On the 8th day of admission, all indicators of the primary disease were improving and the thyroid profile and other clinical parameters were as follows: T4 = 159 nmol/L, free T3 = 7.3 pmol/L, free T4 = 28 pmol/L, TSH = 0.03 μIU/mL, procalcitonin = 0.307 ug/L, temperature = 36.8 °C, heart rate = 87 bpm, blood pressure = 122/63 mmHg, and respiratory rate = 17 bpm. The patient was able to open his eyes spontaneously and follow sounds but was unable to move following verbal command. The seizures recurred on the 8th admission day. A computed tomography (CT) scan showed low-density bilateral frontal lobe lesions, but the nature of the lesions was unclear (Figure 2). On the 9th admission day, the patient's level of consciousness improved. He was weaned from the ventilator and underwent a magnetic resonance imaging (MRI) scan of the brain, which confirmed the presence of bilateral frontal lobe lesions (Figure 3). The lesions were not consistent with cerebral infarction; hence, we considered them to be caused by metabolic encephalopathy. We promptly arranged a hyperbaric oxygen chamber for rehabilitation. After that, the patient's level of consciousness improved further, and on the 16th day of admission we repeated the MRI scan, which showed substantial improvement of the bilateral frontal lobe lesions (Figure 3).

Figure 2
Computed tomography scan of the patient's brain obtained on the 8th day of admission.
Figure 3
Results of magnetic resonance imaging (MRI) scans obtained on the 9th and 16th day of admission. Abbreviations – T1: T1-weighted sequences; T2: T2-weighted sequences; DWI: diffusion-weighted sequences.

DISCUSSION

Thyroid storm, also known as thyrotoxic crisis or thyroid crisis, is a life-threatening hypermetabolic thyrotoxicosis that presents as a multiorgan dysfunction with or without a known precipitating cause. It is a rare condition with an annual incidence of 0.57-0.76/100,000 persons in the general community and 4.8-5.6/100,000 persons hospitalized (6).

Among patients with untreated or poorly controlled hyperthyroidism, thyroid storm occurs in 1%-2% of the cases. It is commonly associated with Graves’ disease but may occur in association with toxic adenoma or toxic multinodular goiter (7).

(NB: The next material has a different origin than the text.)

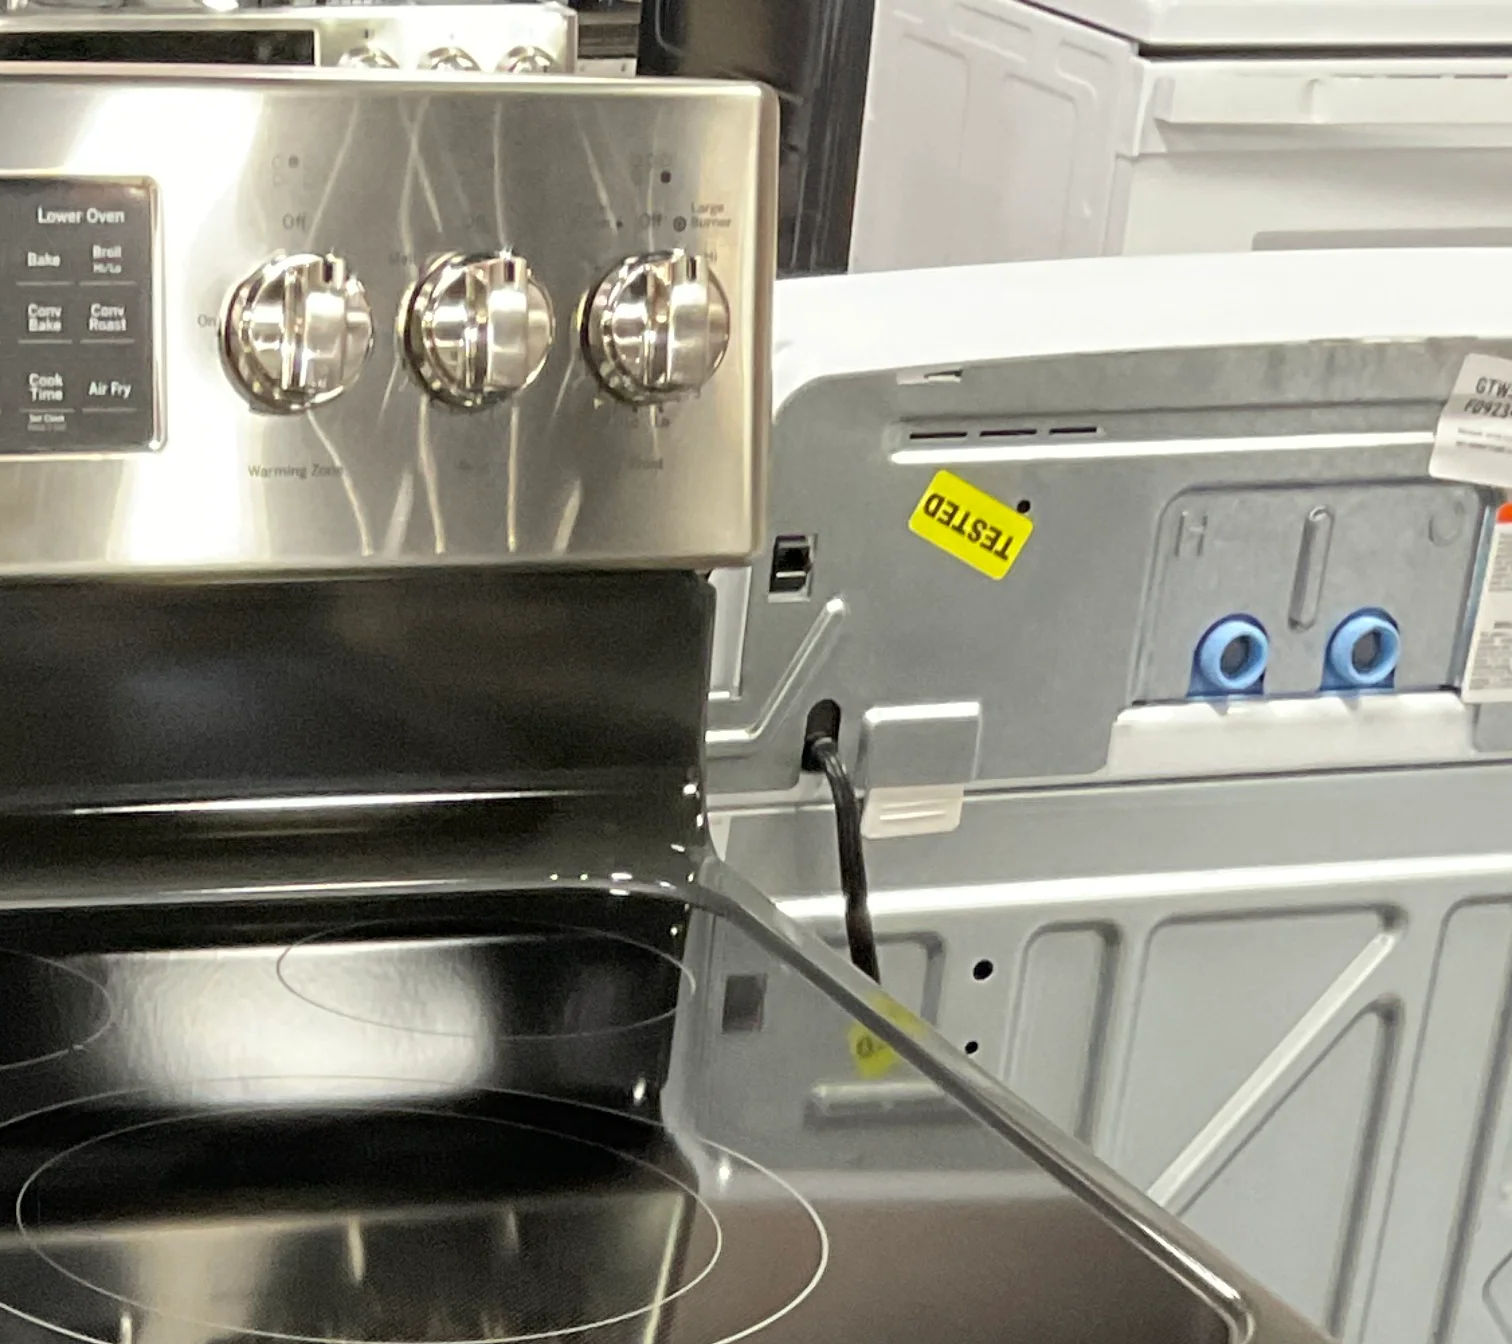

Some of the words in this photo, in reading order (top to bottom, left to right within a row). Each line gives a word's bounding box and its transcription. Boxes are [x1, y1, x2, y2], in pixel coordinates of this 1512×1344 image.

The young patient in the present case had no previous thyroid disease. His initial diagnosis was obfuscated by the intense hot weather, the fact that he was an outdoor worker (intense physical exercise), and by his clinical presentation (coma, hyperthermia, increased heart rate, and absence of cerebral hemorrhage), leading to a misdiagnosis of heat apoplexy. The experience with the successful treatment administered to this patient indicates that health care providers must be vigilant with respect to intensive care medical treatment. Even the most typical clinical manifestations should not be ignored in the differential diagnosis. When a patient with hyperthermia and impaired consciousness is admitted to the emergency room, the following diseases (along with their associated factors and management) should be considered first:

  • Heat apoplexy: high temperature and high humidity in the environment, high intensity exercise, shortness of breath, hyperthermia, and cramps.

  • Hypertensive cerebral hemorrhage: cerebrovascular accidents, which can present as febrile episodes with altered level of consciousness and respiratory distress.

  • Central nervous system infection: analysis of cerebrospinal fluid, in addition to physical examination, must be performed to identify meningeal irritation.

  • Endocrine emergencies: diabetic ketoacidosis, thyroid storm, adrenal crisis.

  • Malignant syndrome: use of antipsychotic drugs, mainly with a history of use of psychotropic drugs, muscle tone abnormalities, profuse sweating, elevated creatine kinase, and abnormal liver and kidney function.

  • Severe dehydration: early diagnosis and early treatment are important factors to improve the prognosis of acute and critical illnesses.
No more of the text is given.